What this task involves:
The entries below need to be written out exactly, with no pictures included.

Dataset entries:
Content starts
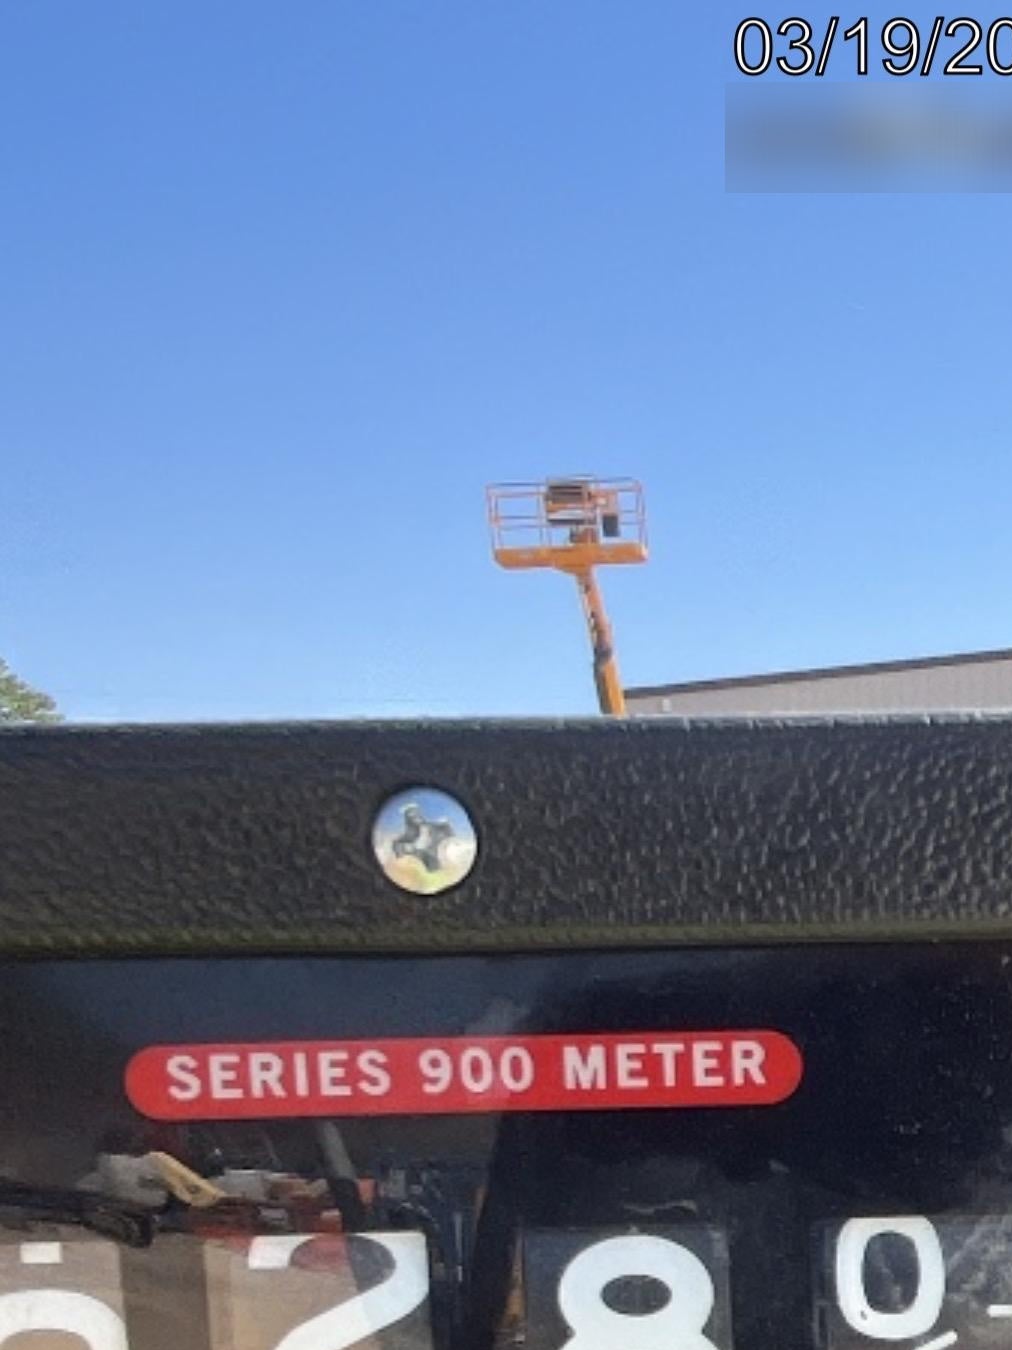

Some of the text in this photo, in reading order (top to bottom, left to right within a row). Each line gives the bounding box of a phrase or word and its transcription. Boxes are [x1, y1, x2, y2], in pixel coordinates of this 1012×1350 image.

[165, 1040, 768, 1101] SERIES 900 METER
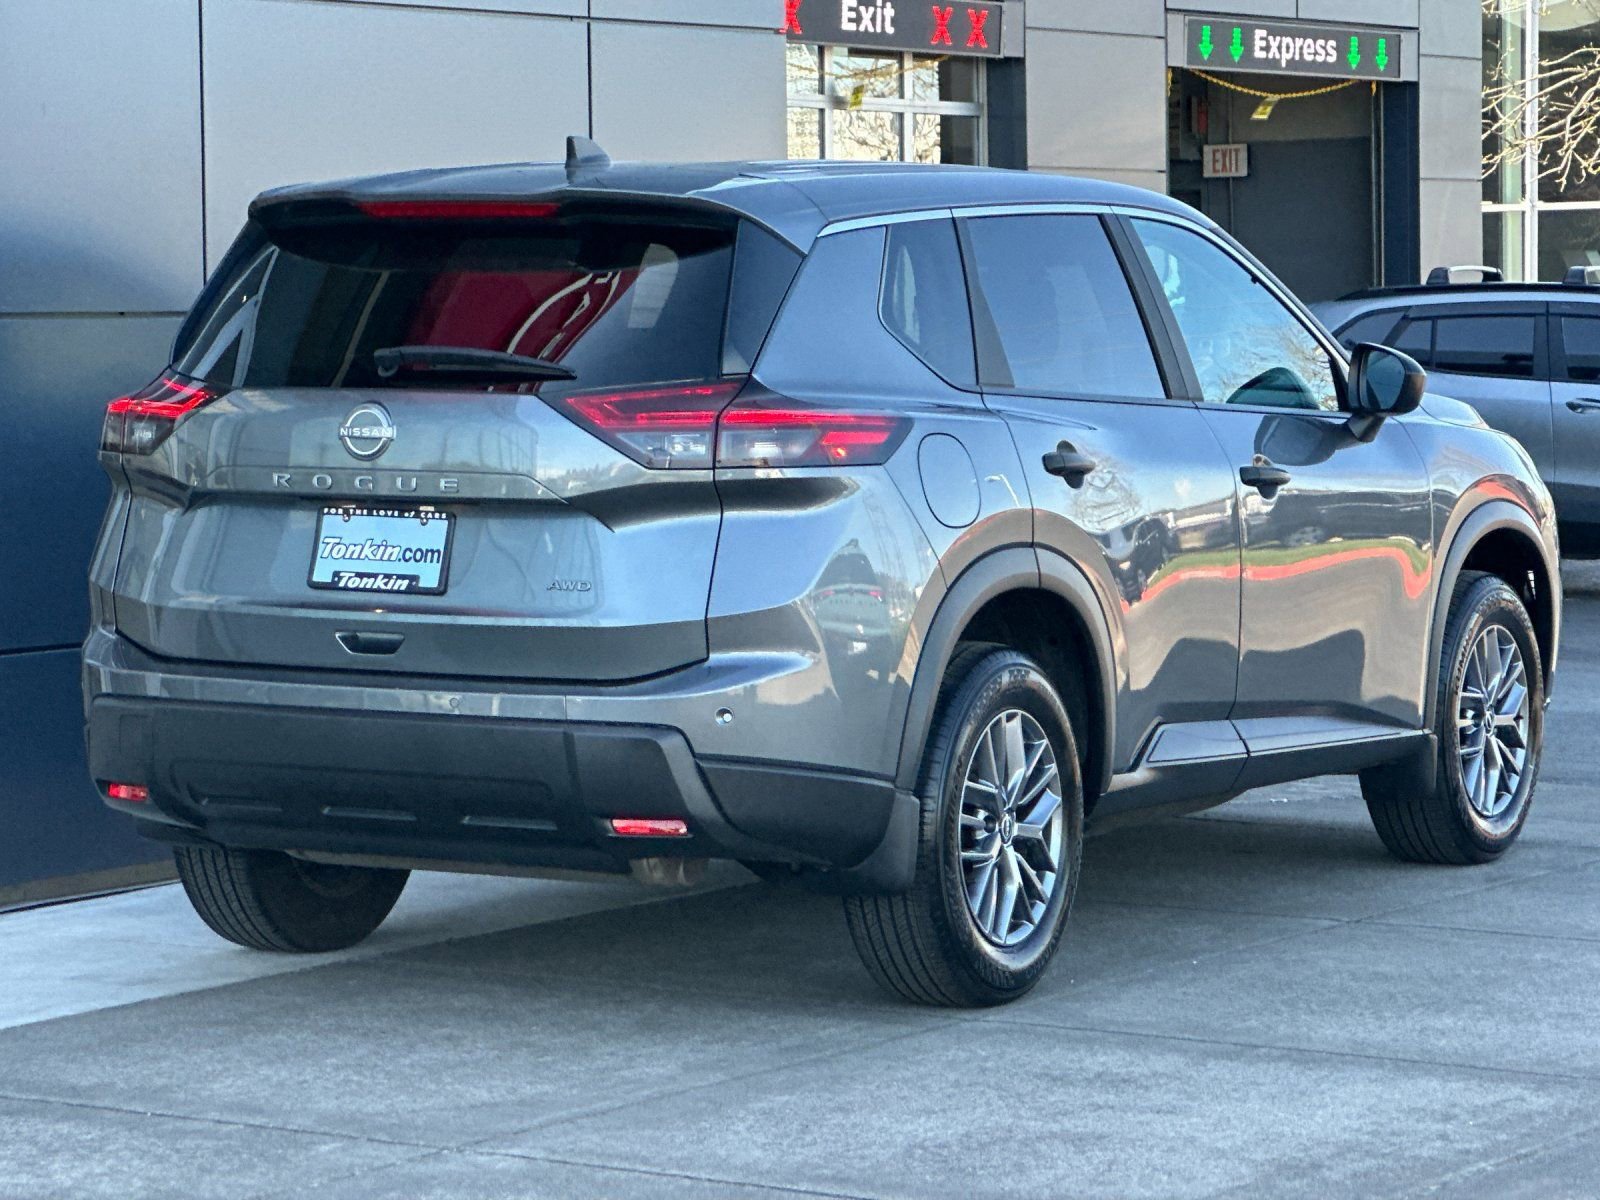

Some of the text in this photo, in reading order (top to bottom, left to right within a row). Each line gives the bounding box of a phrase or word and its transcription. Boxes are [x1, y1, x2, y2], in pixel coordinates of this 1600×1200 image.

[841, 0, 895, 34] Exit
[1254, 29, 1337, 67] Express
[1211, 148, 1241, 174] EXIT
[340, 426, 392, 438] NISSAN
[272, 472, 460, 494] ROGUE
[323, 507, 343, 515] FOR
[349, 508, 368, 516] THE
[373, 509, 399, 517] LOVE
[320, 536, 442, 564] Tonkin.com
[338, 572, 409, 591] Tonkin
[546, 579, 592, 592] AWD
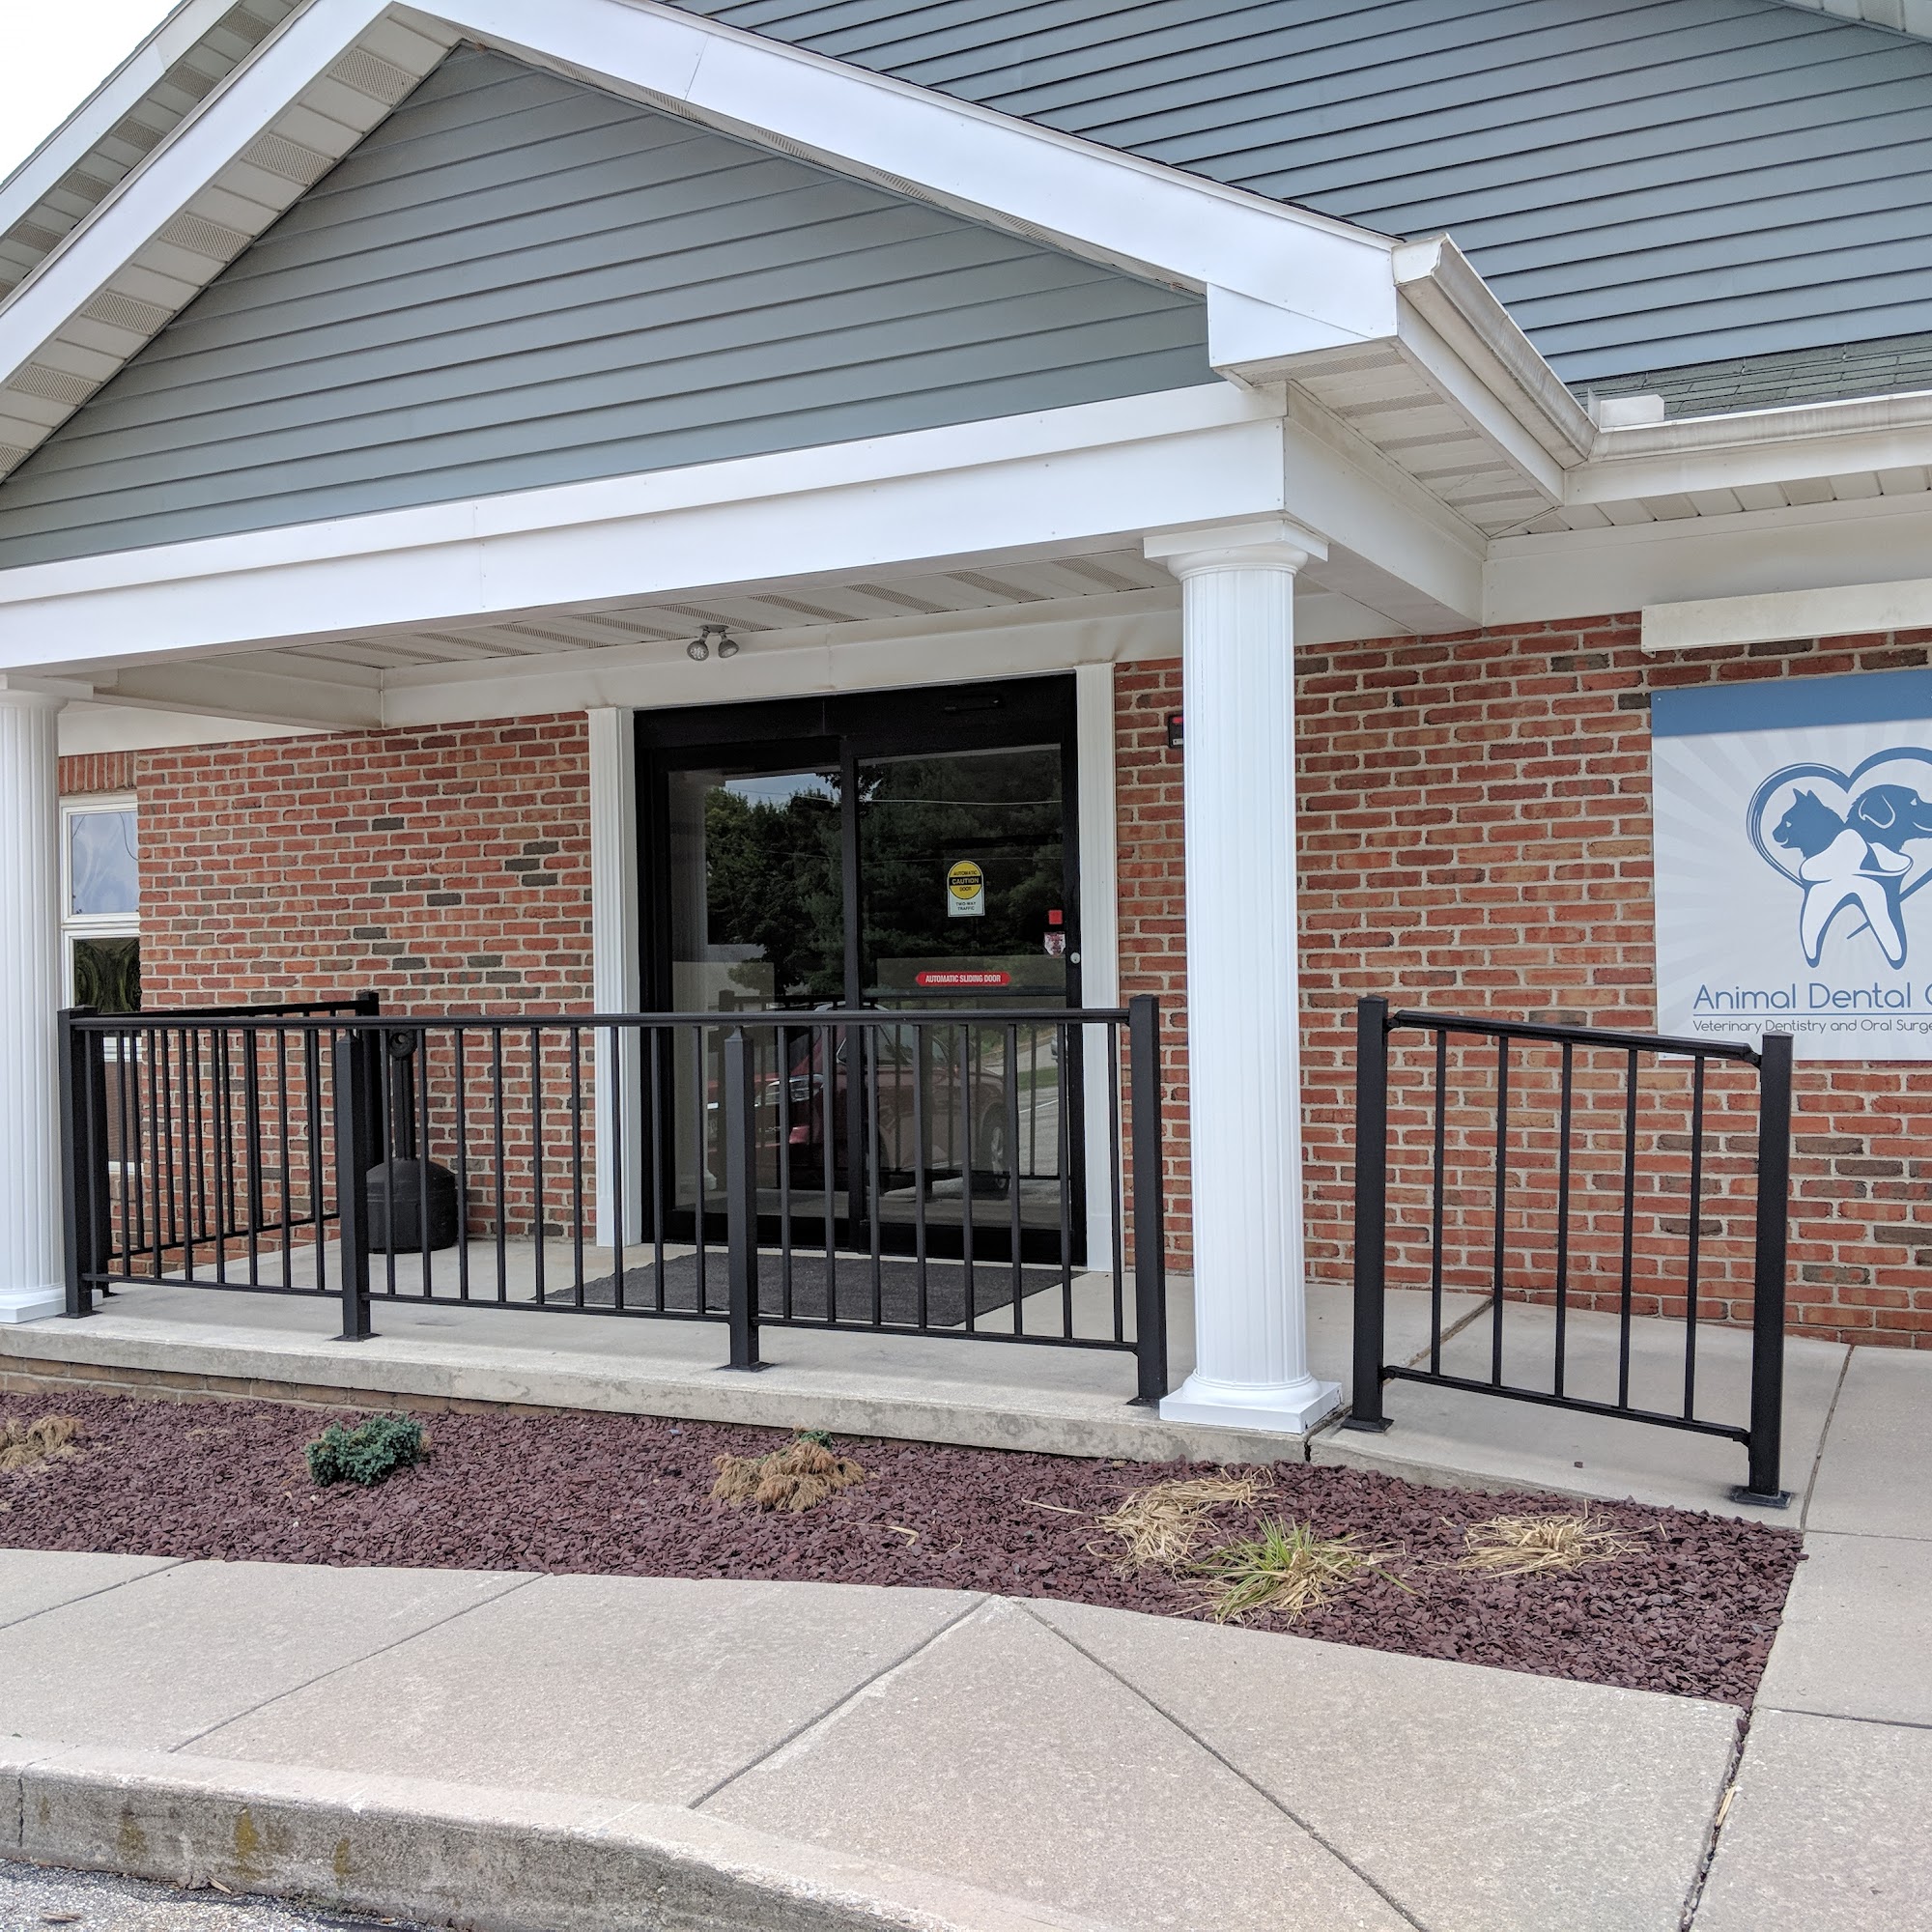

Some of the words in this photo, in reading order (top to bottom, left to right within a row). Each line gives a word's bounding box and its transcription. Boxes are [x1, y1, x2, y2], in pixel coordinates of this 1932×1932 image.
Content ends
Expected answer:
Some of the text in this photo, in reading order (top to bottom, left to right within a row). Each line gives the bounding box of a phrase or word and its transcription. Boxes are [x1, y1, x2, y2], in pixel coordinates of this 1012×1350 image.

[165, 1040, 768, 1101] SERIES 900 METER

Some of the text in this photo, in reading order (top to bottom, left to right within a row). Each line gives the bounding box of a phrase or word and its transcription. Boxes are [x1, y1, x2, y2], in pixel coordinates of this 1600×1200 image.

[841, 0, 895, 34] Exit
[1254, 29, 1337, 67] Express
[1211, 148, 1241, 174] EXIT
[340, 426, 392, 438] NISSAN
[272, 472, 460, 494] ROGUE
[323, 507, 343, 515] FOR
[349, 508, 368, 516] THE
[373, 509, 399, 517] LOVE
[320, 536, 442, 564] Tonkin.com
[338, 572, 409, 591] Tonkin
[546, 579, 592, 592] AWD

Some of the words in this photo, in reading order (top to bottom, left to right within a row). Each line gives a word's bounding box and its transcription. Boxes are [x1, y1, x2, y2], in pixel coordinates of this 1932×1932 image.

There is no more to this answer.